Dopo l’introduzione nelle terapie del nuovo farmaco Herceptin (anticorpo monoclonale contro il recettore epiteliale Her2) importanti passi in avanti sono stati fatti.cure per il carcinoma della mammella

Ricordo che Herceptin, di fatto un anticorpo contro le cellule del tumore, ha portato risultati importanti sia nella terapia che precede o segue la chirurgia (guarigioni maggiori del 20% circa) che nel trattamento del tumore con metastasi (importanti remissioni e prolungamento della sopravvivenza).
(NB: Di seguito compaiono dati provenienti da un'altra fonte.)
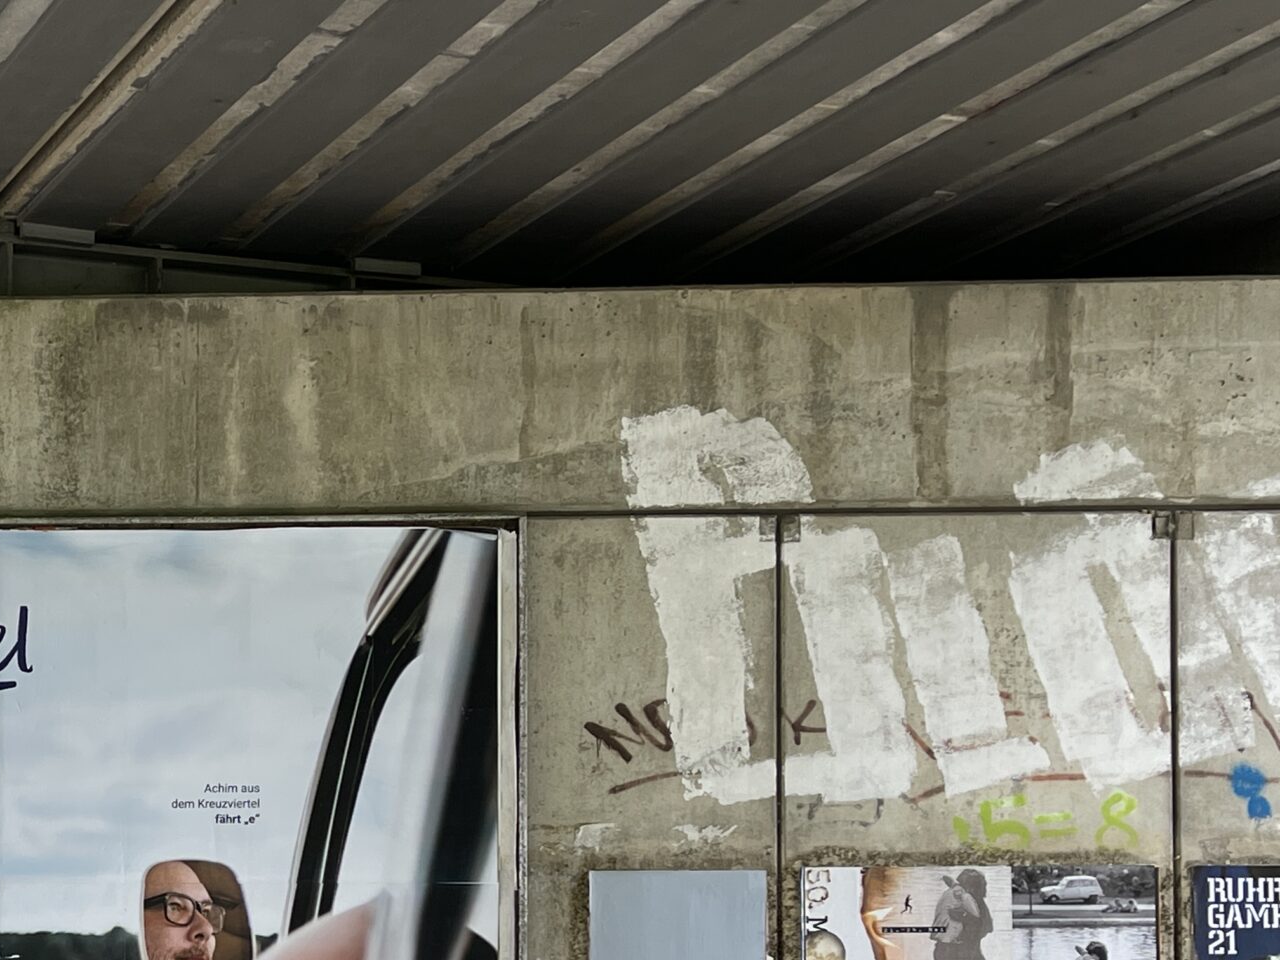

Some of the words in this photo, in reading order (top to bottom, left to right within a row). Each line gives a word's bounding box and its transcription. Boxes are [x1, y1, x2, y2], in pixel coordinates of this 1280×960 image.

Nuovi farmaci contro il recettore Her2 sono entrati in commercio e nella sperimentazione.
Ci riferiamo al Lapatinib, piccola molecola target (colpisce il bersaglio) che “spegne” il recettore legandosi alla parte intracellulare dello stesso.
E’ utile sia nel periodo post-chirurgico come adiuvante (qui è ancora sperimentale) che nella malattia con metastasi associato alla chemioterapia.

In questo settore della malattia avanzata, determina importanti risultati, superando la barriera che è presente nei vasi sanguigni cerebrali risultando quindi ottimo anche nelle metastasi cerebrali.

Altro farmaco sperimentale nella cura del carcinoma alla mammella risulta il TDM1, (Herceptin legate ad una sostanza tossica per la cellula malata) che funziona nelle pazienti “resistenti” e nelle quali l’Herceptin non ha più efficacia terapeutica (30% di risposte terapeutiche nelle pazienti “resistenti”).

Sono in corso di avviamento anche gli studi con Pazopanib (anticorpo contro la cellula malata, simile, come meccanismo all’Herceptin) e Neratinib (molecola con meccanismo simile al Lapatinib) sempre nelle pazienti “resistenti” al Lapatinib.

Queste novità terapeutiche sono possibili per le pazienti che presentano positività e/o amplificazione del recettore sulla superficie delle cellule malate conosciuto come Her2.
Tali pazienti rappresentano il 15/20% della popolazione con neoplasia mammaria.